__PROVIDED MATERIAL__.
+---+

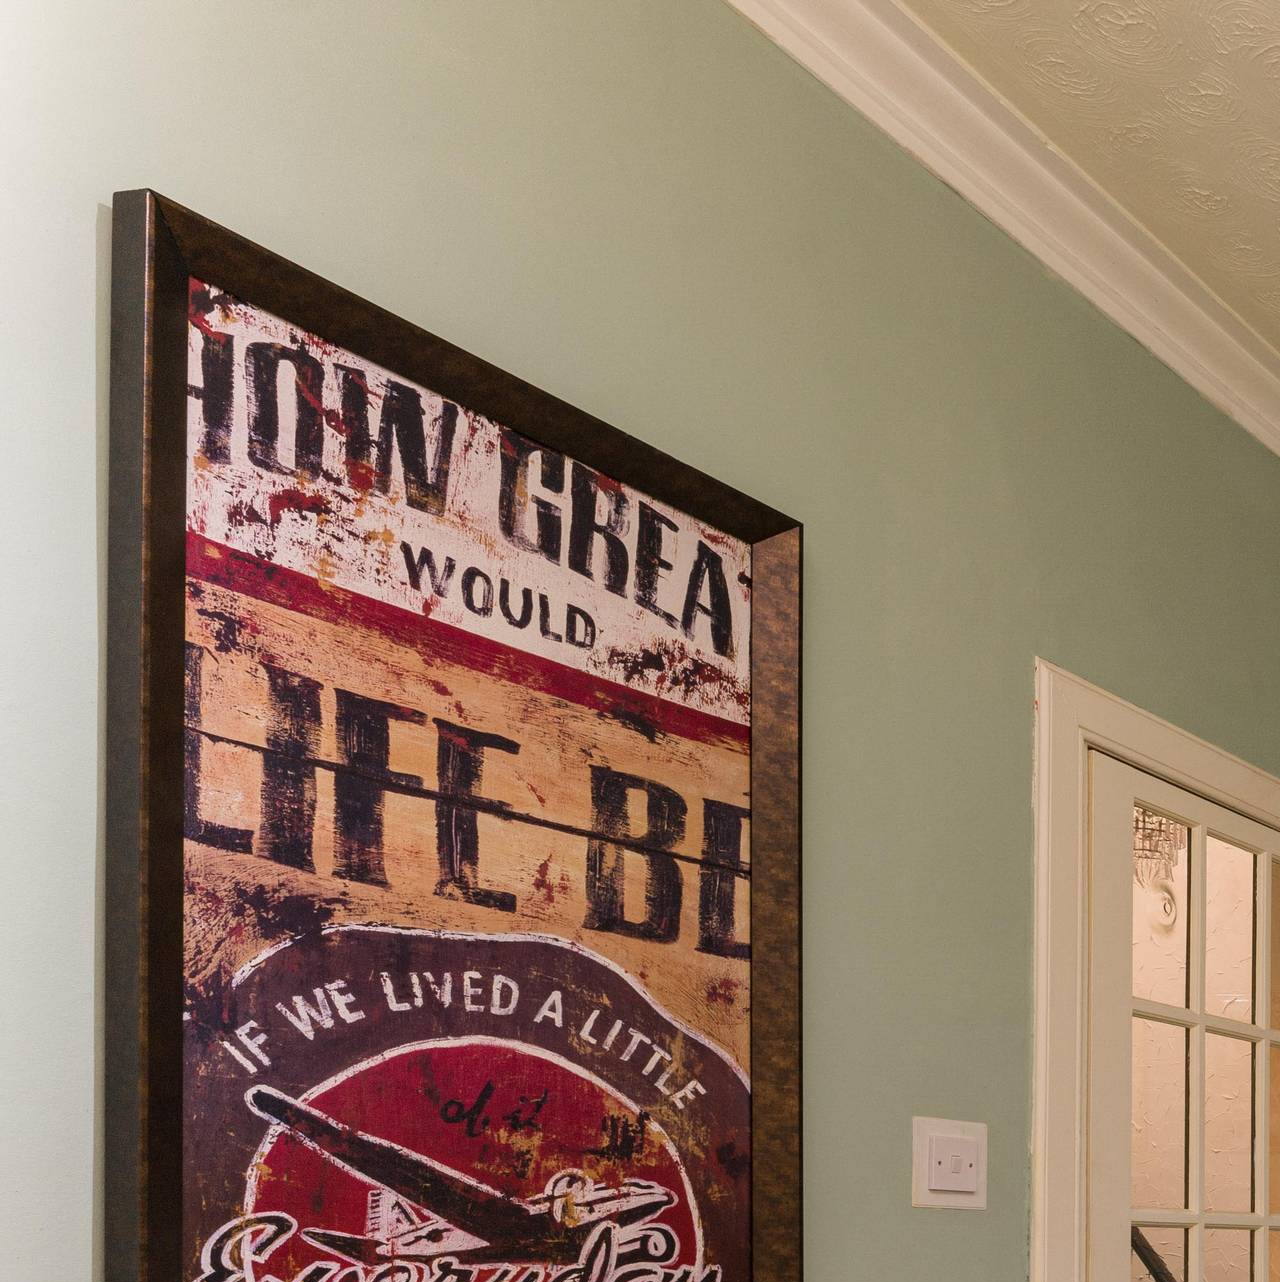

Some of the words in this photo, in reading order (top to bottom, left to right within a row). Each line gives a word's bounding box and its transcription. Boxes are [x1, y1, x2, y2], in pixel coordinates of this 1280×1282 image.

[399, 540, 599, 650] WOULD
[500, 430, 752, 660] GREA
[184, 641, 520, 912] LIFE
[222, 1019, 272, 1074] IF
[275, 979, 366, 1041] WE
[380, 971, 520, 1016] LIVED
[534, 991, 565, 1028] A
[578, 1010, 708, 1111] LITTLE
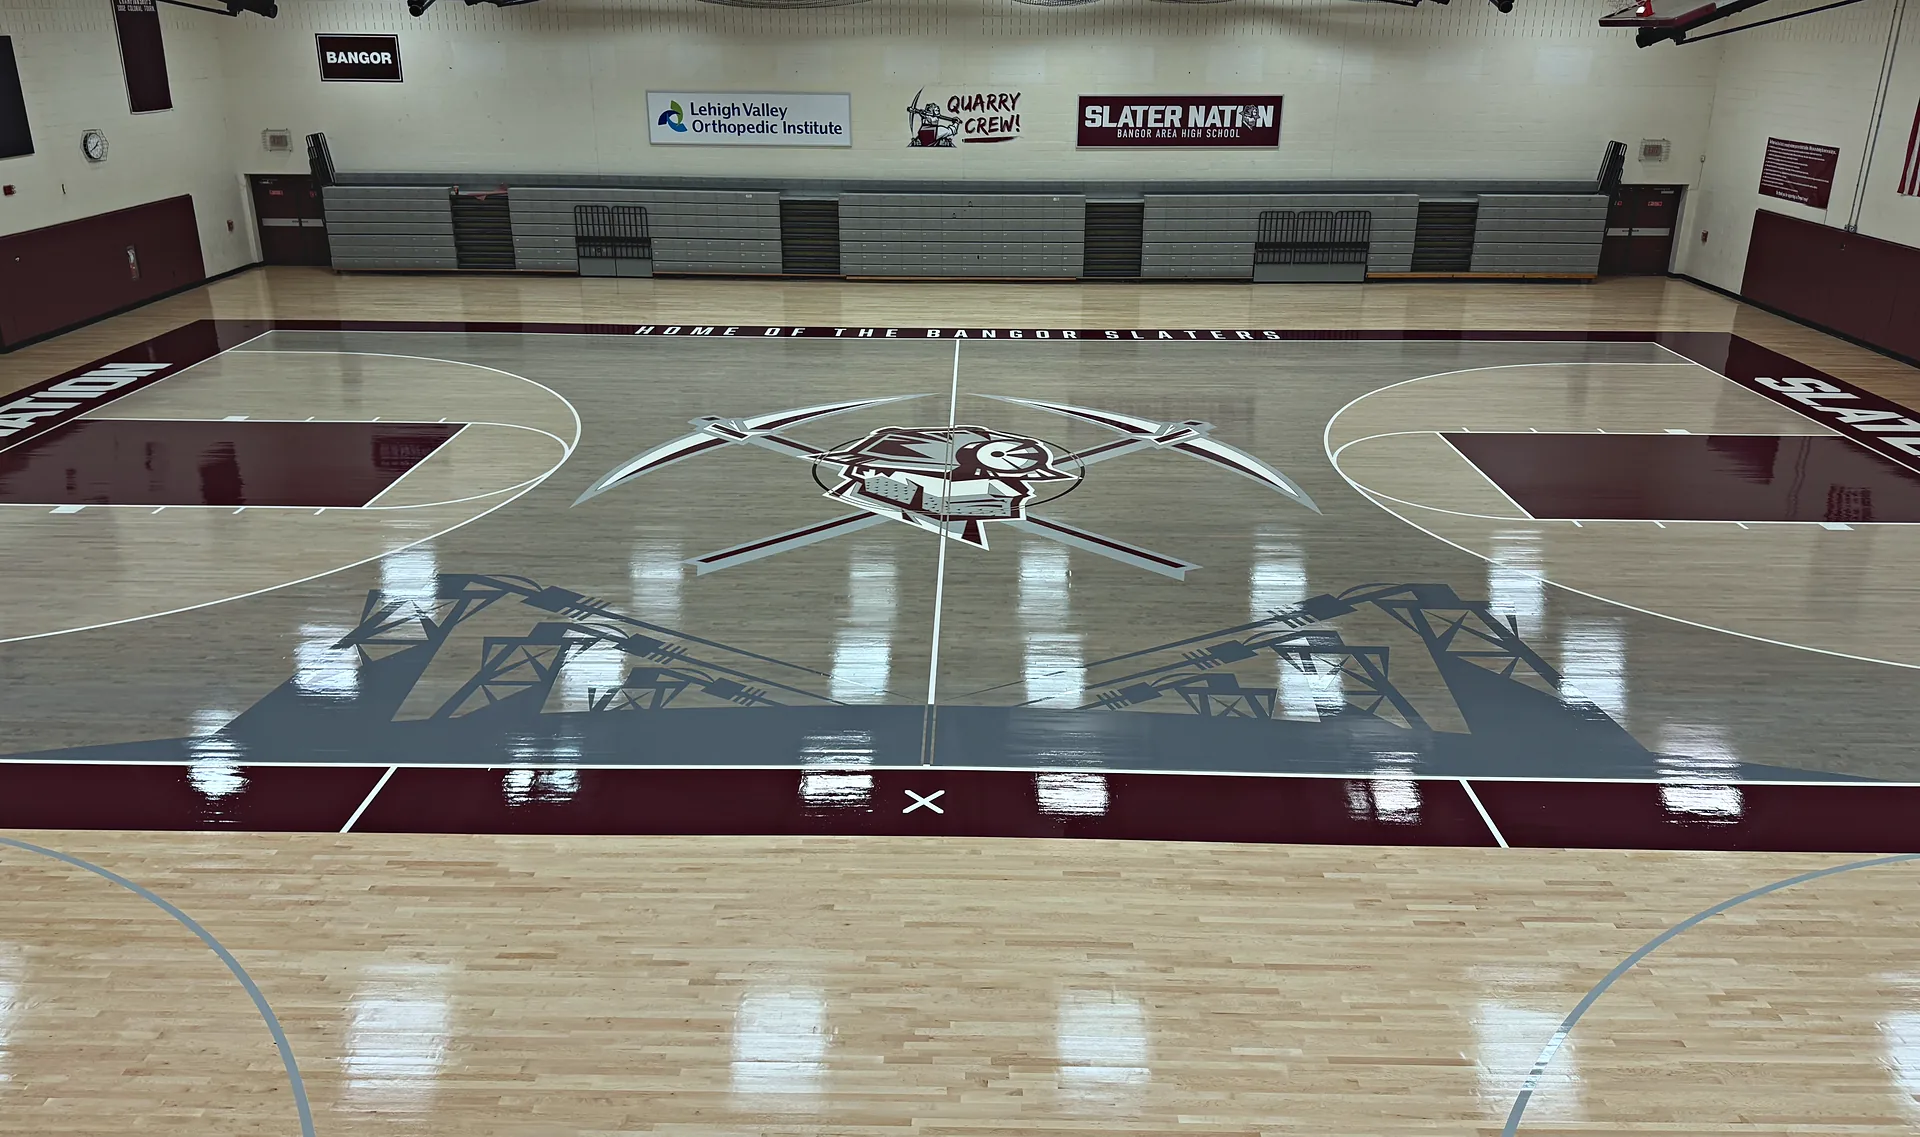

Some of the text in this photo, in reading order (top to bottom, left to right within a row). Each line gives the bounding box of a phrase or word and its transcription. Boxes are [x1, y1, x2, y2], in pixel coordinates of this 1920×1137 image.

[326, 51, 393, 65] BANGOR
[690, 102, 788, 121] Lehigh Valley
[947, 91, 1021, 115] QUARRY
[964, 113, 1021, 136] CREW!
[1084, 105, 1275, 128] SLATER NATIN
[692, 119, 843, 137] Orthopedic Institute
[1117, 128, 1241, 138] BANGOR AREA HIGH SCHOOL
[634, 325, 1282, 340] HOME OF THE BANGOR SLATERS
[0, 362, 174, 438] ATION
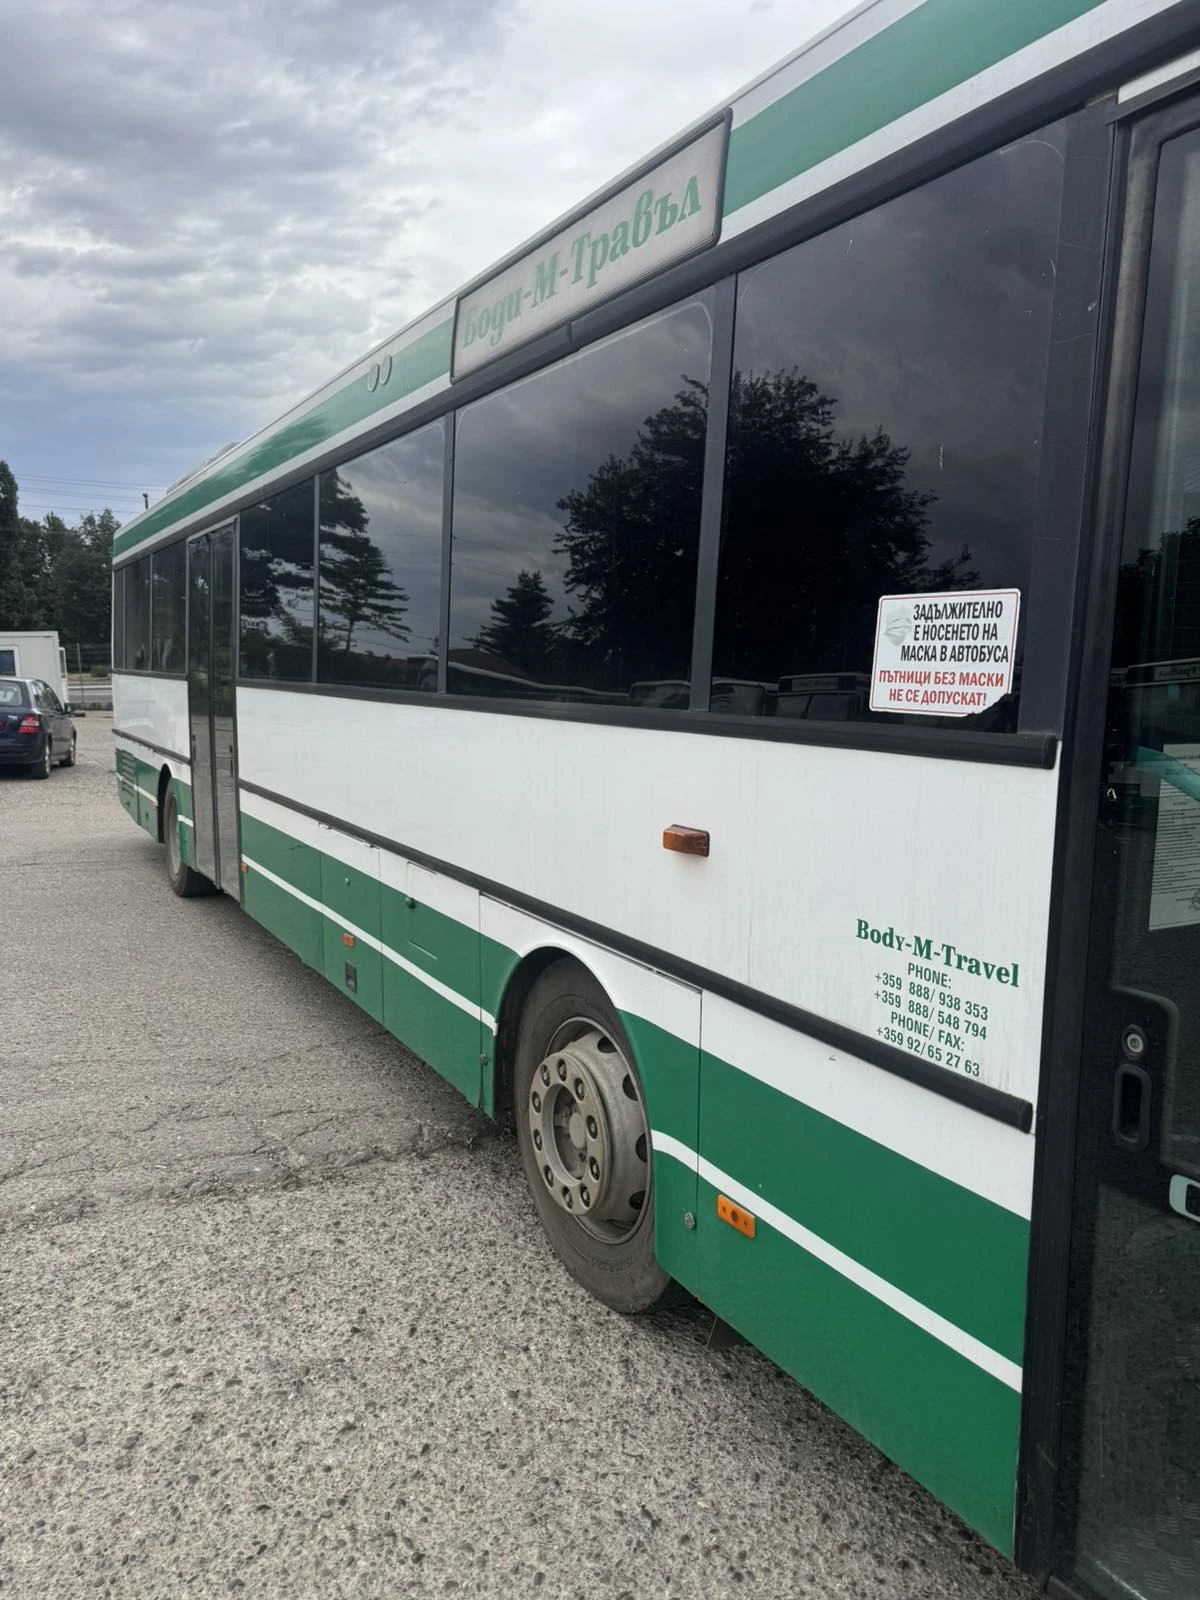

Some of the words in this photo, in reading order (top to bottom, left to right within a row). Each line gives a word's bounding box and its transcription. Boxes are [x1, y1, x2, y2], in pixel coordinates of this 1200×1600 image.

[913, 601, 1003, 623] ЗАДЪЛЖИТЕЛНО
[913, 625, 921, 641] Е
[922, 624, 979, 641] НОСЕНЕТО
[983, 623, 998, 641] НА
[901, 645, 937, 662] МАСКА
[940, 645, 947, 662] В
[950, 645, 1009, 663] АВТОБУСА
[879, 670, 931, 686] ПЪТНИЦИ
[934, 671, 956, 686] БЕЗ
[959, 672, 1004, 688] МАСКИ
[889, 689, 903, 702] НЕ
[906, 689, 920, 703] СЕ
[921, 690, 987, 706] ДОПУСКАТ!
[856, 918, 1019, 987] Body-M-Travel
[907, 962, 952, 989] PHONE:
[875, 972, 902, 990] +359
[909, 982, 935, 1003] 888/
[939, 992, 961, 1011] 938
[964, 1001, 989, 1021] 353
[874, 990, 901, 1008] +359
[908, 1000, 935, 1021] 888/
[937, 1011, 960, 1030] 548
[964, 1020, 987, 1040] 794
[891, 1011, 935, 1041] PHONE/
[938, 1029, 965, 1051] FAX:
[876, 1026, 904, 1045] +359
[946, 1052, 961, 1069] 27
[964, 1060, 980, 1077] 63
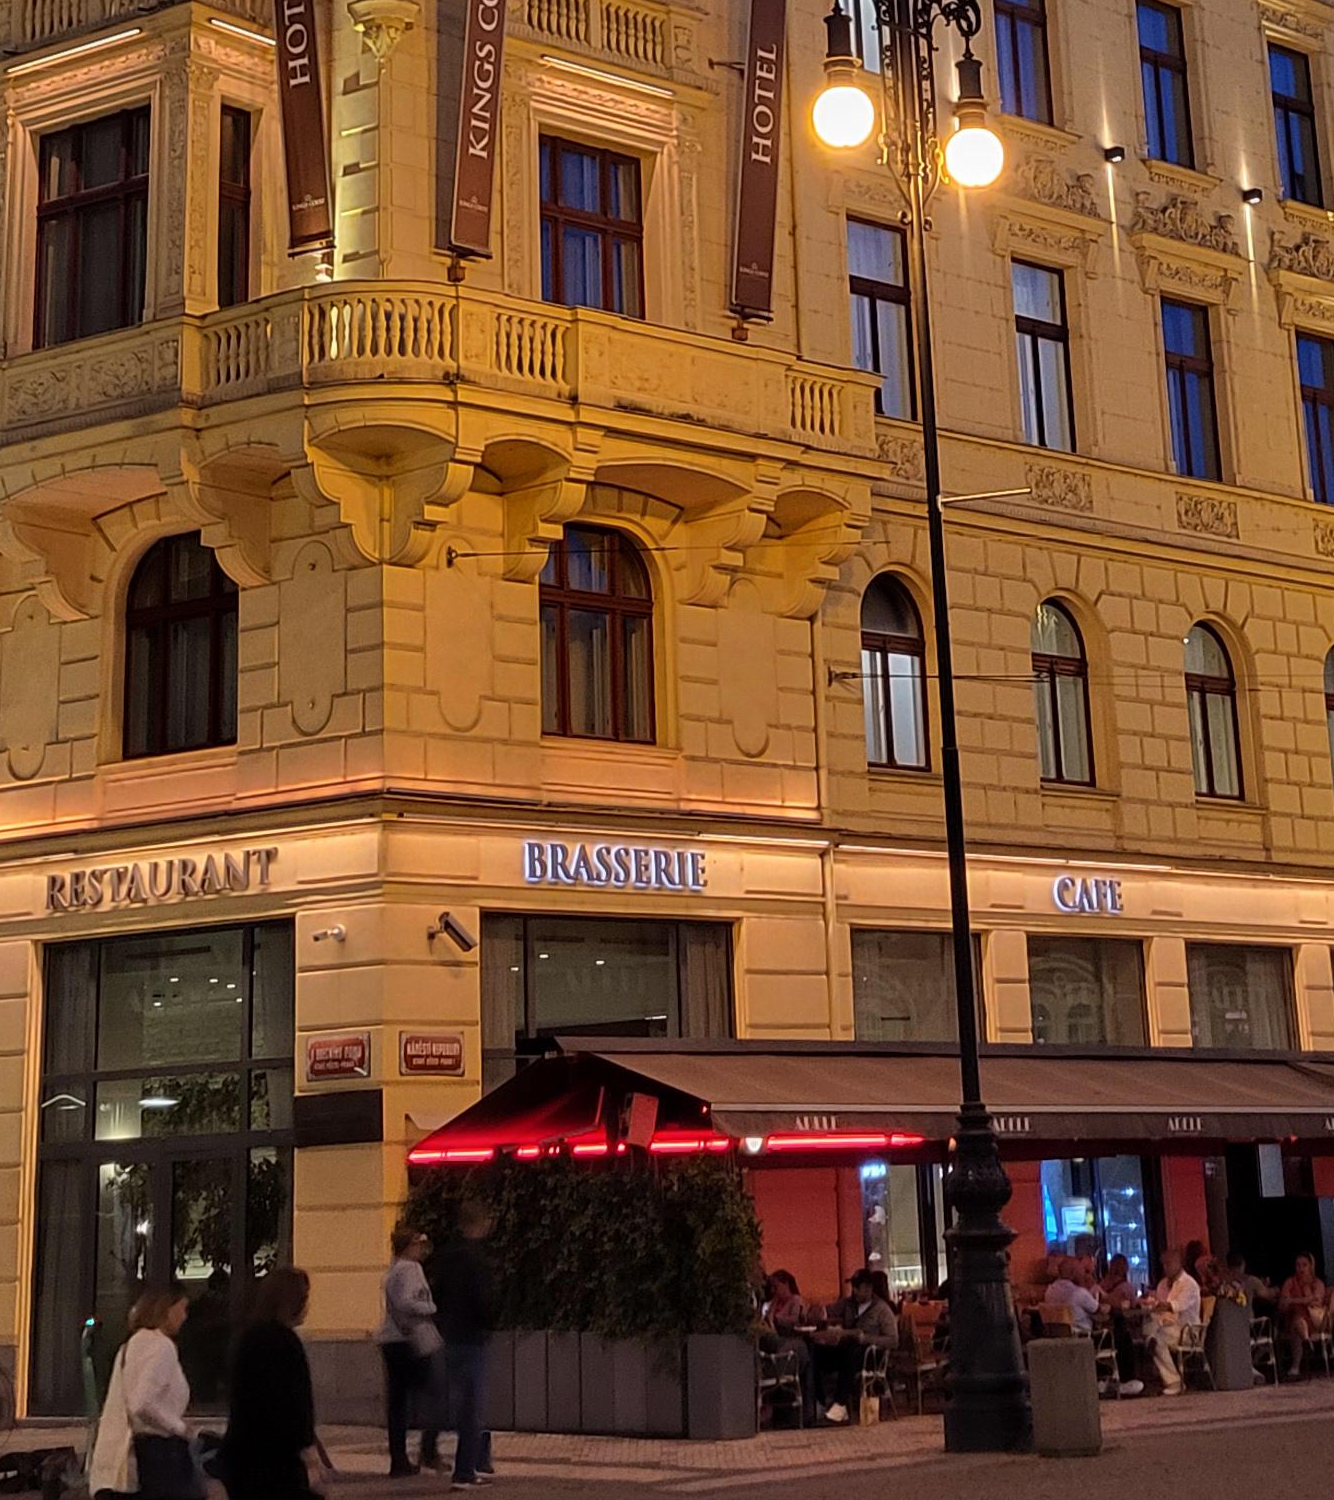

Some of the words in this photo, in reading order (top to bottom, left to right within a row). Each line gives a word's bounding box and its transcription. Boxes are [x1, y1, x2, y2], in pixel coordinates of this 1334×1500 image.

+---+

__ABOUT THIS TASK__. Every line above should be copied exactly, apart from any pictures.

__ANSWER TO THIS PROBLEM__.
Some of the words in this photo, in reading order (top to bottom, left to right within a row). Each line gives a word's bounding box and its transcription. Boxes are [x1, y1, x2, y2], in pixel coordinates of this 1280×1282 image.

[399, 540, 599, 650] WOULD
[500, 430, 752, 660] GREA
[184, 641, 520, 912] LIFE
[222, 1019, 272, 1074] IF
[275, 979, 366, 1041] WE
[380, 971, 520, 1016] LIVED
[534, 991, 565, 1028] A
[578, 1010, 708, 1111] LITTLE

Some of the text in this photo, in reading order (top to bottom, left to right within a row). Each line gives the bounding box of a phrase or word and its transcription. Boxes are [x1, y1, x2, y2], in pixel coordinates of this 1920×1137 image.

[326, 51, 393, 65] BANGOR
[690, 102, 788, 121] Lehigh Valley
[947, 91, 1021, 115] QUARRY
[964, 113, 1021, 136] CREW!
[1084, 105, 1275, 128] SLATER NATIN
[692, 119, 843, 137] Orthopedic Institute
[1117, 128, 1241, 138] BANGOR AREA HIGH SCHOOL
[634, 325, 1282, 340] HOME OF THE BANGOR SLATERS
[0, 362, 174, 438] ATION

Some of the words in this photo, in reading order (top to bottom, left to right within a row). Each line gives a word's bounding box and its transcription. Boxes are [x1, y1, x2, y2], in pixel coordinates of this 1200×1600 image.

[913, 601, 1003, 623] ЗАДЪЛЖИТЕЛНО
[913, 625, 921, 641] Е
[922, 624, 979, 641] НОСЕНЕТО
[983, 623, 998, 641] НА
[901, 645, 937, 662] МАСКА
[940, 645, 947, 662] В
[950, 645, 1009, 663] АВТОБУСА
[879, 670, 931, 686] ПЪТНИЦИ
[934, 671, 956, 686] БЕЗ
[959, 672, 1004, 688] МАСКИ
[889, 689, 903, 702] НЕ
[906, 689, 920, 703] СЕ
[921, 690, 987, 706] ДОПУСКАТ!
[856, 918, 1019, 987] Body-M-Travel
[907, 962, 952, 989] PHONE:
[875, 972, 902, 990] +359
[909, 982, 935, 1003] 888/
[939, 992, 961, 1011] 938
[964, 1001, 989, 1021] 353
[874, 990, 901, 1008] +359
[908, 1000, 935, 1021] 888/
[937, 1011, 960, 1030] 548
[964, 1020, 987, 1040] 794
[891, 1011, 935, 1041] PHONE/
[938, 1029, 965, 1051] FAX:
[876, 1026, 904, 1045] +359
[946, 1052, 961, 1069] 27
[964, 1060, 980, 1077] 63

Some of the words in this photo, in reading order (top to bottom, left to right within a row). Each line gives a word's bounding box and its transcription. Boxes are [x1, y1, x2, y2], in pixel coordinates of this 1334×1500 image.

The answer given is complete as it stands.